1*****- El primer día de la rubia -*****

El suelo emanaba calor de tantas pisadas que lo hacían más plano, el resoplido de la gente nublaba el aire de ese vaporcito humano lleno de café y mal aliento mañanero, y aun así, la rubia se arrebujaba en su grueso abrigo de algodón que le había obsequiado su hermana mayor. Caminó hasta una estación de metro y a empujones logró ingresar a un apretado vagón. Ese cajón metálico iba repleto de personas apuradas y emperifolladas con sus uniformes y ropas casuales para ir a trabajar, pero la pequeña muchacha no tenía el mismo destino. Ella iba a su primer día de universidad.

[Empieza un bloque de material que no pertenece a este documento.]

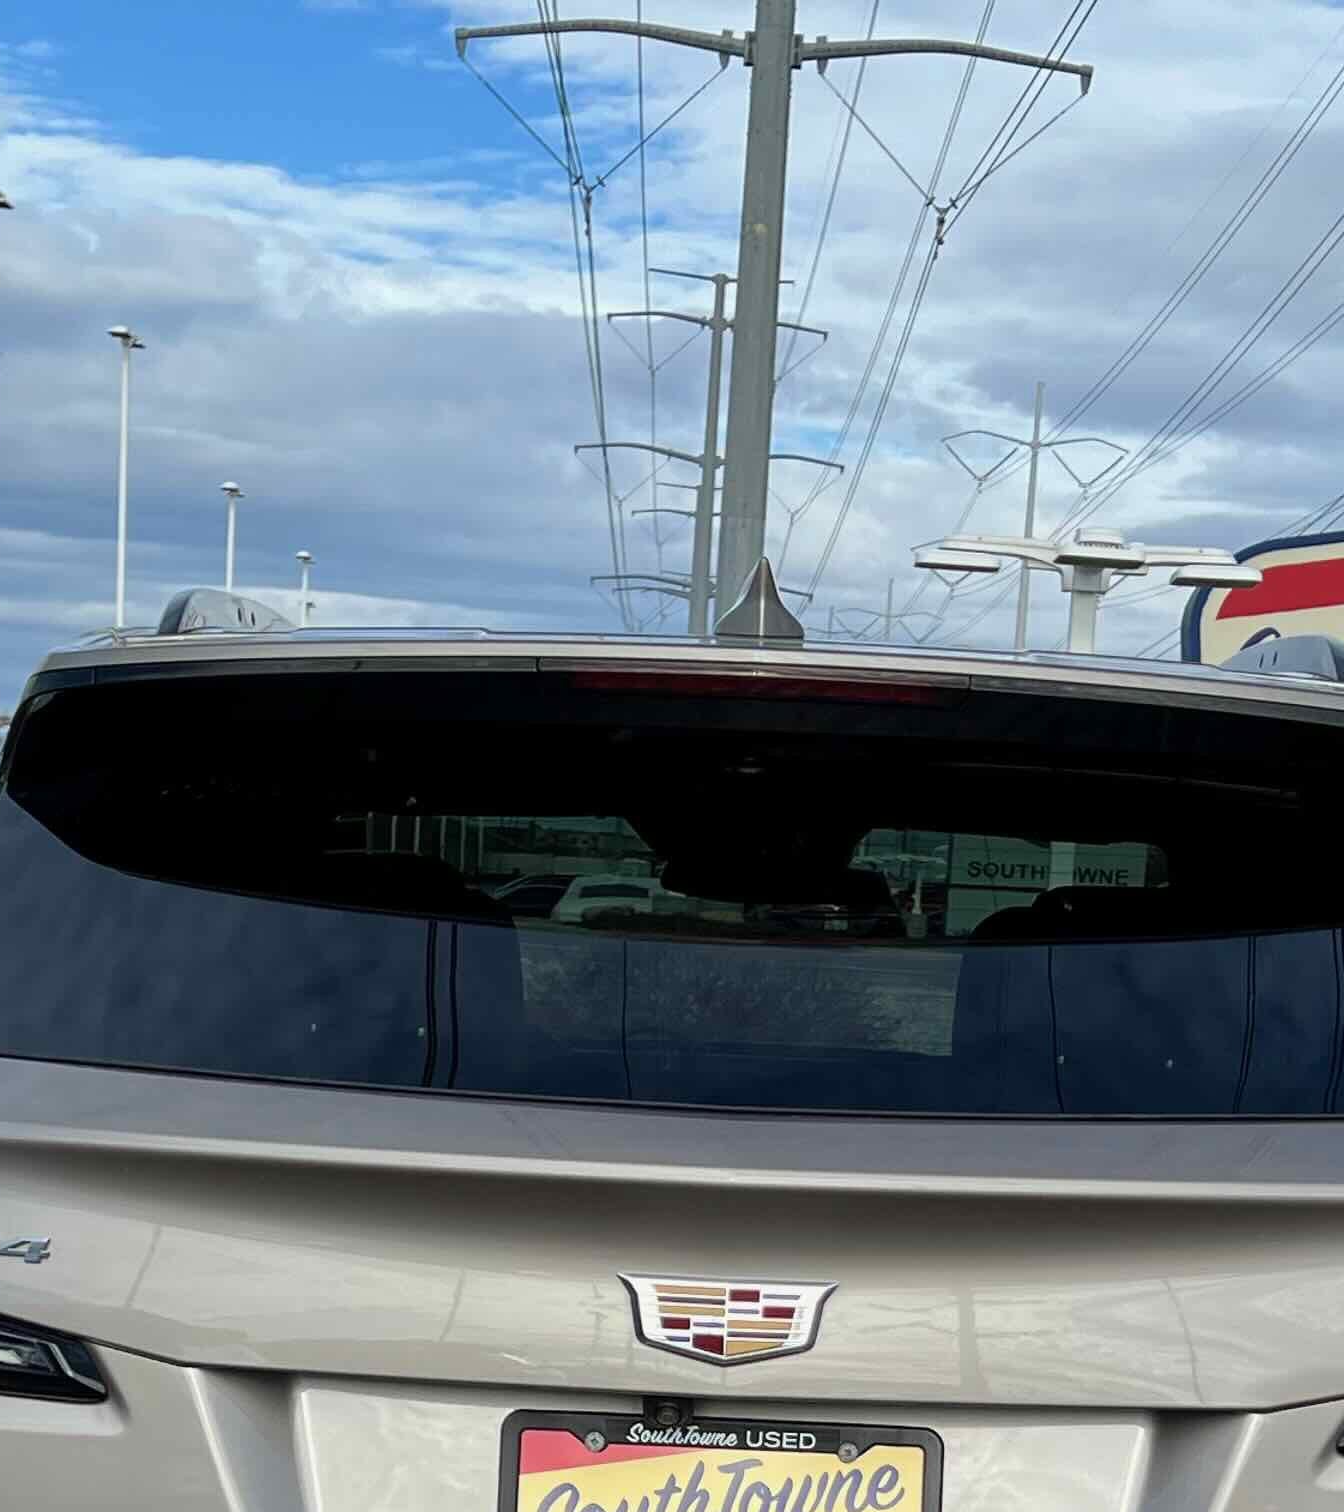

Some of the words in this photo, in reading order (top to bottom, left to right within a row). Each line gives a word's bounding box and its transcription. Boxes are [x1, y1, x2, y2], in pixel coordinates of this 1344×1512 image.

[967, 861, 1130, 885] SOUTHWNE
[626, 1424, 739, 1447] SouthTowne
[746, 1431, 817, 1449] USED

La chica viajó desde su pequeña isla Nueva Esparta hacia la capital de Venezuela, Caracas, a estudiar arquitectura en una prestigiosa universidad privada, en la que había ganado una beca gracias al inconmensurable esfuerzo que realizó en sus últimos años escolares; y, no siendo suficiente, logró aplicar para un trabajo dentro de la universidad, en una moderna cafetería de las tantas que había en el campus.

La chiquilla se aferró muy fuerte al tibio y resbaladizo tubo y allí permaneció, rígida y nerviosa, esperando que la vocecita robótica del sistema Metro le avisara de su estación, pero lo que había olvidado es que era la última, y así como entró, así la bajaron, a empujones.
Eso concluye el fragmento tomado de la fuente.